Category Archives: Grain

2017 Stored Grain Protectants

For the first time in many years, we have many new products on the market. Here is an update from UGA Extension Entomologist Dr. Mike Toews and Auburn Entomologist Dr. Kathy Flanders:

Products for Empty Bins

  • Centynal EC – This is a good product for treating empty bins and elevator boots. Note that the active ingredient in Centynal EC, Defense SC and Suspend SC are identical so these are not good rotation partners.
  • Defense SC (labeled for empty bin use only) – This is a good product for treating empty bins and elevator boots, but is not labeled for application directly to grain. Note that the active ingredient in Centynal EC, Defense SC and Suspend SC are identical so these are not good rotation partners.
  • Suspend SC – This is a good product for treating empty bins and elevator boots. Note that the active ingredient in Centynal EC, Defense SC and Suspend SC are identical so these are not good rotation partners.
  • Tempo SC (labeled for empty bin use only) – Tempo is a good product for treating empty bins and elevator boots, but is not labeled for application directly to grain.
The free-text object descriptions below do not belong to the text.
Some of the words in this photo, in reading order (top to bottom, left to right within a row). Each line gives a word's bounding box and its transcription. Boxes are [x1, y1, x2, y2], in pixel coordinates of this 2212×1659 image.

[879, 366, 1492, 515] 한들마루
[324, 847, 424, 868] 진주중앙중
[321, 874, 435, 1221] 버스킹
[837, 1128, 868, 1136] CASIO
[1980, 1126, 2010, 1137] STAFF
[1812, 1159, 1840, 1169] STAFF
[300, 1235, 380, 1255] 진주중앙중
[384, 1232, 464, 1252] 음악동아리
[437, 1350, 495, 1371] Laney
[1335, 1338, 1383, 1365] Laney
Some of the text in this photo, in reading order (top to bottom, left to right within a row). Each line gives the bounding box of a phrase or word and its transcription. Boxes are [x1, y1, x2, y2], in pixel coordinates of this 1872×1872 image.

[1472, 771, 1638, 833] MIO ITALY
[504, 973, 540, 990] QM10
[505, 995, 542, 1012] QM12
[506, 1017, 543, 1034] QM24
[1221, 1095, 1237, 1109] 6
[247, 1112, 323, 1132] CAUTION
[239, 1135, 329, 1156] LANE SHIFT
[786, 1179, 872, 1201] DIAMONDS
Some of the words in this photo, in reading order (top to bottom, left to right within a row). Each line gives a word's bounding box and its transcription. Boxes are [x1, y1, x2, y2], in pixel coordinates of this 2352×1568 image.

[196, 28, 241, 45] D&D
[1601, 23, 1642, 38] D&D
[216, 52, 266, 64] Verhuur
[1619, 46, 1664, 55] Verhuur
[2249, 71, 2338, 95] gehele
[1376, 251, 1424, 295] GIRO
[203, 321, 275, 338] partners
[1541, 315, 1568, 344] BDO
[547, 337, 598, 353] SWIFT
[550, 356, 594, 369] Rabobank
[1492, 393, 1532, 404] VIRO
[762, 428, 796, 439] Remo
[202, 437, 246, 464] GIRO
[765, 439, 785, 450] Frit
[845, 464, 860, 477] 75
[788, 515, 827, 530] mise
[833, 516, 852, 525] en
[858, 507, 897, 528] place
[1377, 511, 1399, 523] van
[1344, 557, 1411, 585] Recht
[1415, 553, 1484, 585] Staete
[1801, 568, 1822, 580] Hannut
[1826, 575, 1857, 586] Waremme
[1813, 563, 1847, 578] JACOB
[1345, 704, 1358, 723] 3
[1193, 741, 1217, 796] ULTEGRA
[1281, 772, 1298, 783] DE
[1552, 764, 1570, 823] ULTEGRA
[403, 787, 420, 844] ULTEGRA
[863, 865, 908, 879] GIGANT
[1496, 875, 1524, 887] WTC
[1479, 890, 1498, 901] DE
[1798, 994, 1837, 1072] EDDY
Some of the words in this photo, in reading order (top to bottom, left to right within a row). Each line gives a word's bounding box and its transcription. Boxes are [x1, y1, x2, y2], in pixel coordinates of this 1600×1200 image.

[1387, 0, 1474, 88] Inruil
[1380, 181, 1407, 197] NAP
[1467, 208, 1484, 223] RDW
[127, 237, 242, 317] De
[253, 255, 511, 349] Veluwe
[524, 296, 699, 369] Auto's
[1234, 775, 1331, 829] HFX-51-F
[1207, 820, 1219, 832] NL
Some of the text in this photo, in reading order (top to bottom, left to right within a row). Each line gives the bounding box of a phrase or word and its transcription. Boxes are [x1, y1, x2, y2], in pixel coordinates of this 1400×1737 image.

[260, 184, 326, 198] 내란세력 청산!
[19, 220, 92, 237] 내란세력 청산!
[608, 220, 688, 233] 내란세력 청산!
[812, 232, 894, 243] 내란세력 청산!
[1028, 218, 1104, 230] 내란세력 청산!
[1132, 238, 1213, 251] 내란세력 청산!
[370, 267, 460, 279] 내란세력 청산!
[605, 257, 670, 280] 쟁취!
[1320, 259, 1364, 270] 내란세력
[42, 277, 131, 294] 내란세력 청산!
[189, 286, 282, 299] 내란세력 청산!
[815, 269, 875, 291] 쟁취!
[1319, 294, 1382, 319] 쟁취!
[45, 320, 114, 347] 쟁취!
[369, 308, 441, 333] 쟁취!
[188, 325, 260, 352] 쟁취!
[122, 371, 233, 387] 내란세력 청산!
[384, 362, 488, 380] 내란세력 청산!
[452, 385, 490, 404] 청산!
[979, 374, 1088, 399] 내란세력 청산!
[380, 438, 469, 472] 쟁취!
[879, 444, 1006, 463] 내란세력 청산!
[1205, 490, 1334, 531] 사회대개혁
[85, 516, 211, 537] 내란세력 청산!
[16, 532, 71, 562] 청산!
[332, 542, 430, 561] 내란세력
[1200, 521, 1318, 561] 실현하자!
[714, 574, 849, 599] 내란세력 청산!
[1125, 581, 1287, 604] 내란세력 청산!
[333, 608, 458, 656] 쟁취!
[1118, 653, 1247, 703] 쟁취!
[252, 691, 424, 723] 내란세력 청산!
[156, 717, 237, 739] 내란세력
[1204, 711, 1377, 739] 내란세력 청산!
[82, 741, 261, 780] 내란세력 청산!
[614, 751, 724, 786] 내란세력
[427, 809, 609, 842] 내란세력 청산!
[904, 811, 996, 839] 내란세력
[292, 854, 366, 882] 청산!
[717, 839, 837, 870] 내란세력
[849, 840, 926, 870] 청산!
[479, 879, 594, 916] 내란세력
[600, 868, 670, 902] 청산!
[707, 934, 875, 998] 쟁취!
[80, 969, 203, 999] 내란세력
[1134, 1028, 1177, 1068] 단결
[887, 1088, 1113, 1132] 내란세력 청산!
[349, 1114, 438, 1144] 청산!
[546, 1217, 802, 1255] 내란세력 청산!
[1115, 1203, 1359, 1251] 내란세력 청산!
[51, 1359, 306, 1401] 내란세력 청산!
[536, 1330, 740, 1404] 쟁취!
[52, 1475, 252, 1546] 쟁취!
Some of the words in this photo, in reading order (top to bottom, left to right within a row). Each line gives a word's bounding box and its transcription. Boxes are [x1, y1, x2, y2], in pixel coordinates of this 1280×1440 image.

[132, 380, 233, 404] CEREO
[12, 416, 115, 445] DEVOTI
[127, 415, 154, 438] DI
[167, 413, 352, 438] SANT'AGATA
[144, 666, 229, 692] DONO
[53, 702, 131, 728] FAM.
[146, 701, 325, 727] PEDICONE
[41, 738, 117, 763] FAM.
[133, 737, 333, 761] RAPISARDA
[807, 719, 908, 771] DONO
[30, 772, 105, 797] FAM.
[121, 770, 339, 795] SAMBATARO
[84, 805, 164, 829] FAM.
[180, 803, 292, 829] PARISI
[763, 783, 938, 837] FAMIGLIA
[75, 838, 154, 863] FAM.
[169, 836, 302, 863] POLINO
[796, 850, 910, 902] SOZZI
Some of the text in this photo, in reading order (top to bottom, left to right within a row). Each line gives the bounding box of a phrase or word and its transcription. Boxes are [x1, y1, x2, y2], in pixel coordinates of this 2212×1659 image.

 Products for Application to Grain

  • Actellic 5E (labeled for corn only) – This product has been the standard for many years, but it is expensive. A full rate will provide protection from weevils for 9-12 months. Reducing the rate will decrease the longevity of the protection. Our data suggest that Actellic is susceptible to heat degradation in the drier when grain temperatures exceed 120 F.
  • Centynal EC (labeled for corn and wheat) – Centynal EC is a new formulation that will provide 3 to 6 months of protection from weevils at the 0.5 ppm rate or 6 to 12 months of protection at the 1.0 ppm rate. This material is heat stable in the drier (tested up to 150 F).
  • Diacon (labeled for corn and wheat) – Diacon is an insect growth regulator that is effective for killing nearly all immature grain moths and beetles, except weevils. The 4 oz per 1000 bu rate is sufficient for tank mixing.
  • Diacon IGR PLUS (labeled for corn and wheat) – This product is a premix of Centynal EC and Diacon. See comments above for rates and activity.
  • Malathion (labeled for wheat and corn) – Although widely used in the past, this product is no longer recommended due to well documented resistance in many stored grain insect populations.
  • Sensat (labeled for corn and wheat) – This product is new to the market, but has been in our evaluation program for several years. Test results show excellent weevil control for up to 12 months. No dryer stability data at this time.
  • Storcide II (labeled for wheat only) – Storcide II is an industry standard for stored wheat, but is not labeled for use on corn. Protection will degrade with heat and time.
  • Suspend SC (labeled for corn and wheat) – This product is an older formulation that must be completely suspended before measuring and requires frequent agitation. It provides 3 to 6 months of protection from weevils.
  • Three-way tankmix (only tested on corn) – UGA tests from 2014-2016 showed that a threeway tank mix of Centynal (8.5 oz) plus Diacon IGR (4 oz) plus PBO-8 Synergist (13.5 oz) will provide 6-9 months of protection from weevils. This is a moderately priced option for growers in markets where other products are unavailable or cost is a limiting factor.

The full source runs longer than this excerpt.